Timothy Stanley says Margaret Thatcher was a paradox as a radical conservative

He says she upended Britain's post-war trajectory, cut taxes and increased privatization

She made country aspirational but demonized opponents and stoked class warfare, he says

Stanley: As woman, she broke ground; as PM, she was important but divisive figure

CNN  — 

When I was at Cambridge University 10 years ago, there was a story of a history professor who began his lecture series with this piece of advice: “We all know that Margaret Thatcher was evil, but don’t write that in the exam.”

The sweep of his judgment – including the presumption that his students all thought the same – articulates the way that Margaret Thatcher’s legacy divides Britain. The things she did may have been necessary, but the way that she did them cleaved the country in two.

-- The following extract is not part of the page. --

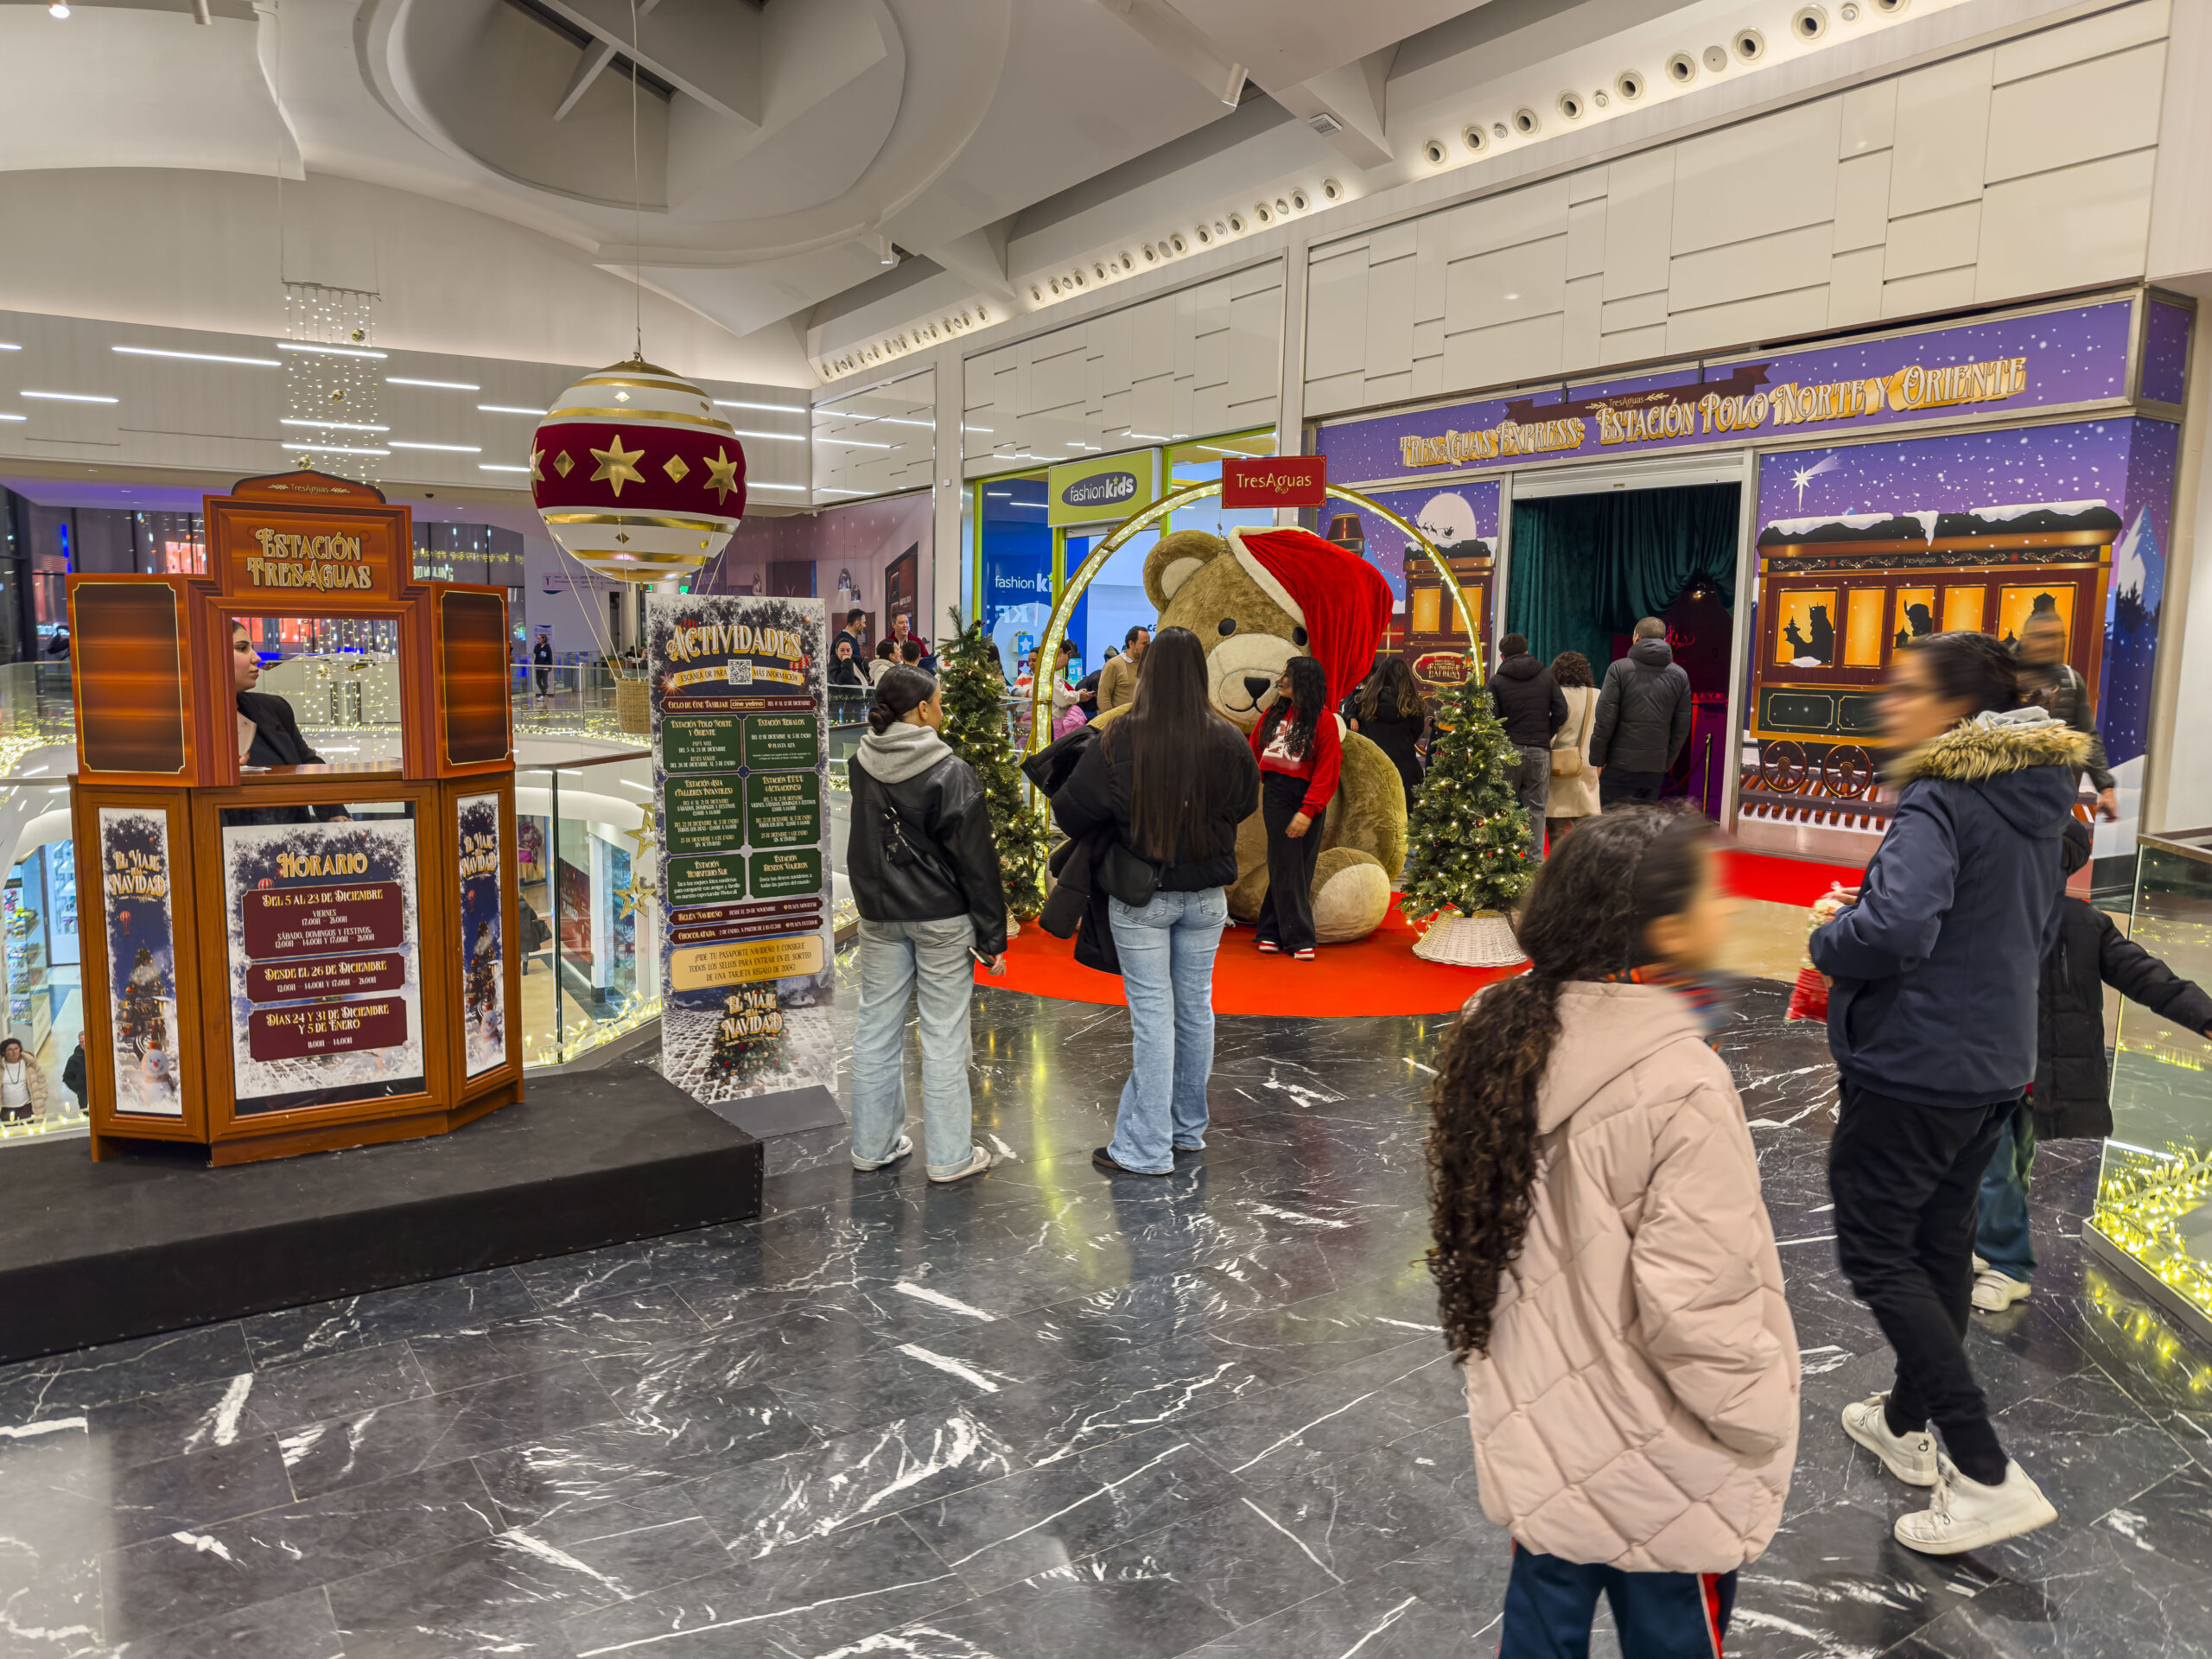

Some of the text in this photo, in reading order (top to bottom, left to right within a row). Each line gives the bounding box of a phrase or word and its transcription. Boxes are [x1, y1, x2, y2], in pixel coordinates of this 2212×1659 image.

Thatcher was a paradoxical figure: a radical conservative. Conservatives traditionally want to uphold the social order that they inherit, but she wanted to upend the postwar British consensus and return the country to what she regarded as its older glory. When she became prime minister in 1979, she inherited a country in which public services were nationalized, unions were all-powerful and British power was in retreat overseas.

Timothy Stanley

Her time in office proved revolutionary: The top rate of tax fell from 83% to 40%, major industries and services were privatized, the unions were reformed and their influence diminished and the UK successfully liberated the Falkland Islands from Argentinian occupation. Britain owes its present wealth and global reputation to Thatcher, a woman who saw accepting decline as an immoral affront to patriotism.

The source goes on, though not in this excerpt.